• DATA RECORDS
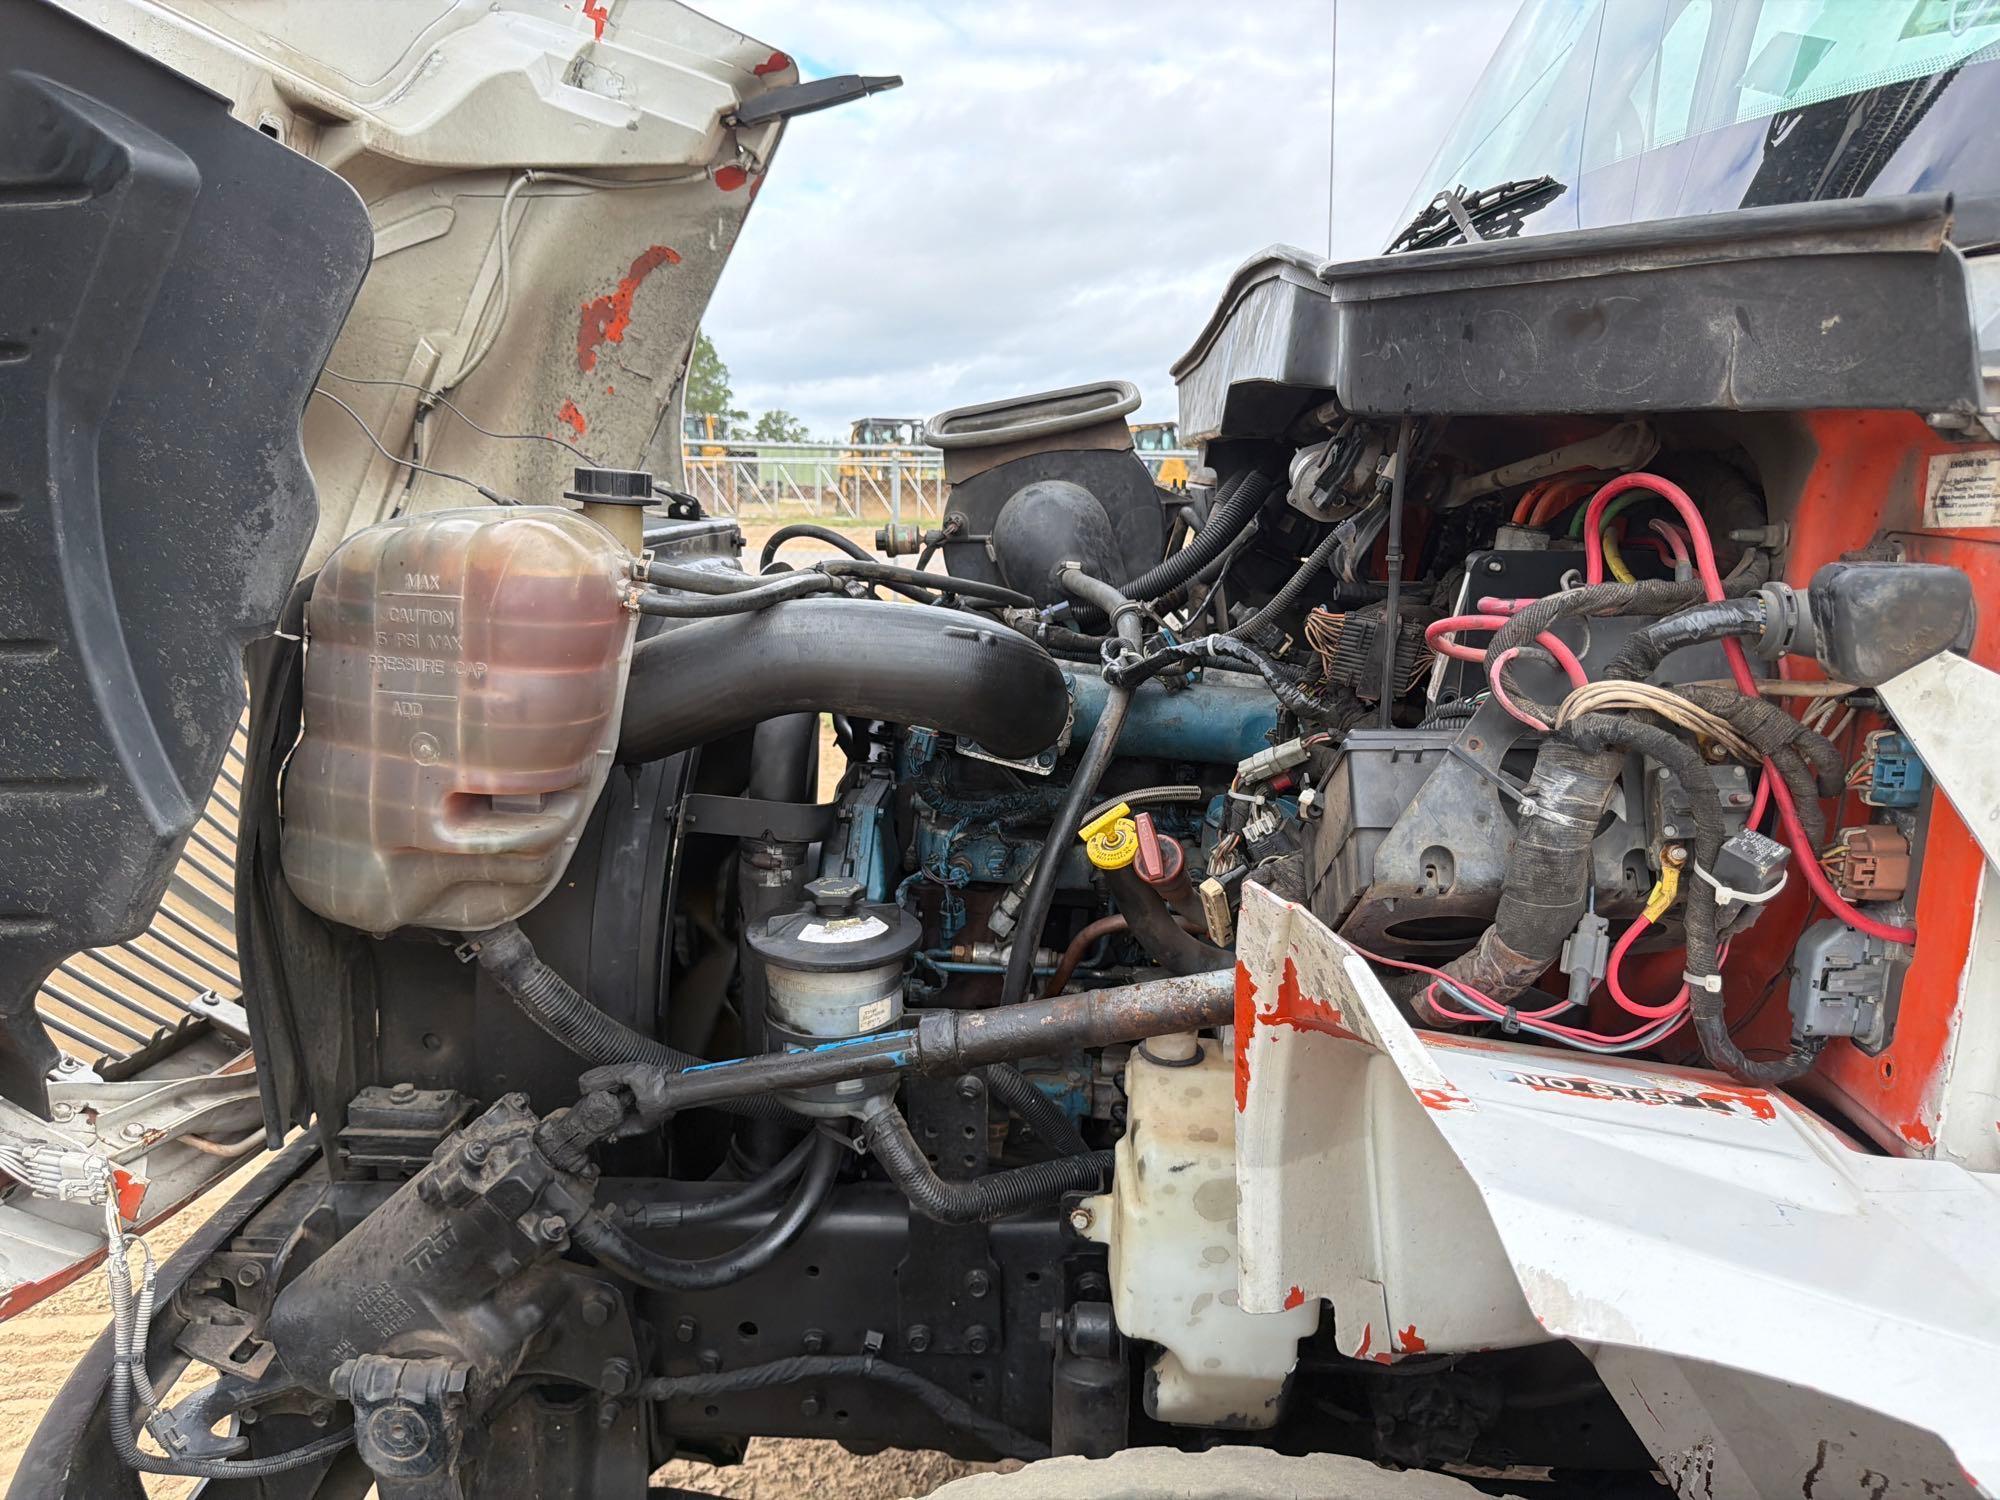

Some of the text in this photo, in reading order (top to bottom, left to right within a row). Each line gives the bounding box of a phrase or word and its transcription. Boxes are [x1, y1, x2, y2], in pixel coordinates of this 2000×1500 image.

[404, 572, 440, 592] MAX
[388, 607, 455, 628] CAUTION
[395, 632, 420, 648] PSI
[427, 634, 463, 650] MAX
[369, 655, 488, 680] PRESSURE CAP
[391, 701, 424, 718] ADD
[1514, 1073, 1574, 1089] NO
[1588, 1084, 1682, 1104] STEP
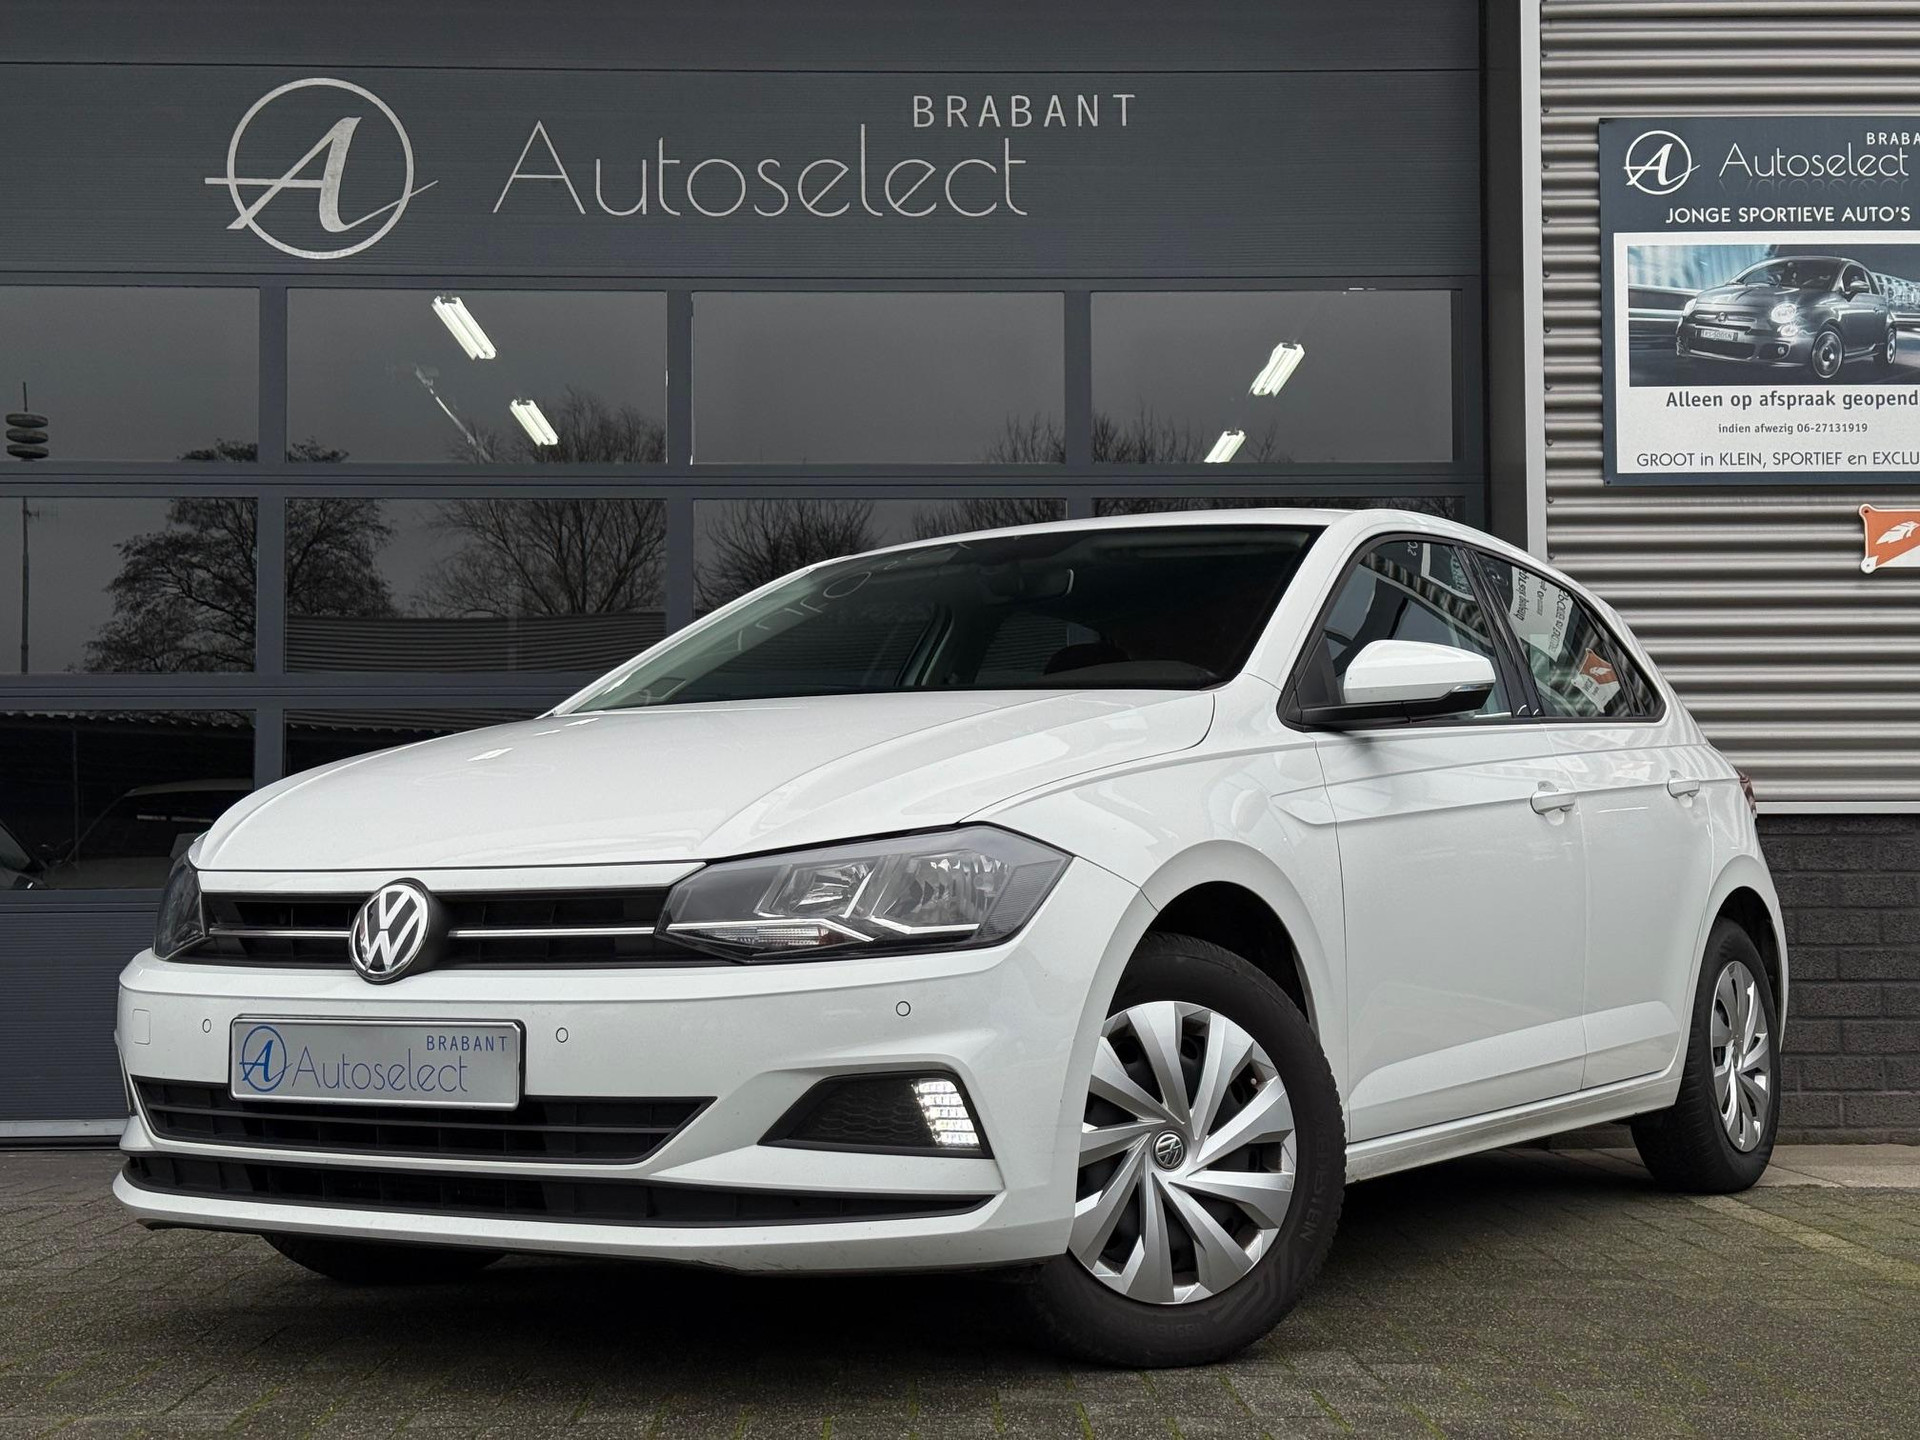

• REQUIRED WORK
Would you write out every record word for word, leaving no picture in?

• RESULT FOR THIS TASK
Some of the text in this photo, in reading order (top to bottom, left to right within a row). Each line gives the bounding box of a phrase or word and its transcription. Boxes are [x1, y1, x2, y2], in pixel coordinates of this 2000×1500 image.

[404, 572, 440, 592] MAX
[388, 607, 455, 628] CAUTION
[395, 632, 420, 648] PSI
[427, 634, 463, 650] MAX
[369, 655, 488, 680] PRESSURE CAP
[391, 701, 424, 718] ADD
[1514, 1073, 1574, 1089] NO
[1588, 1084, 1682, 1104] STEP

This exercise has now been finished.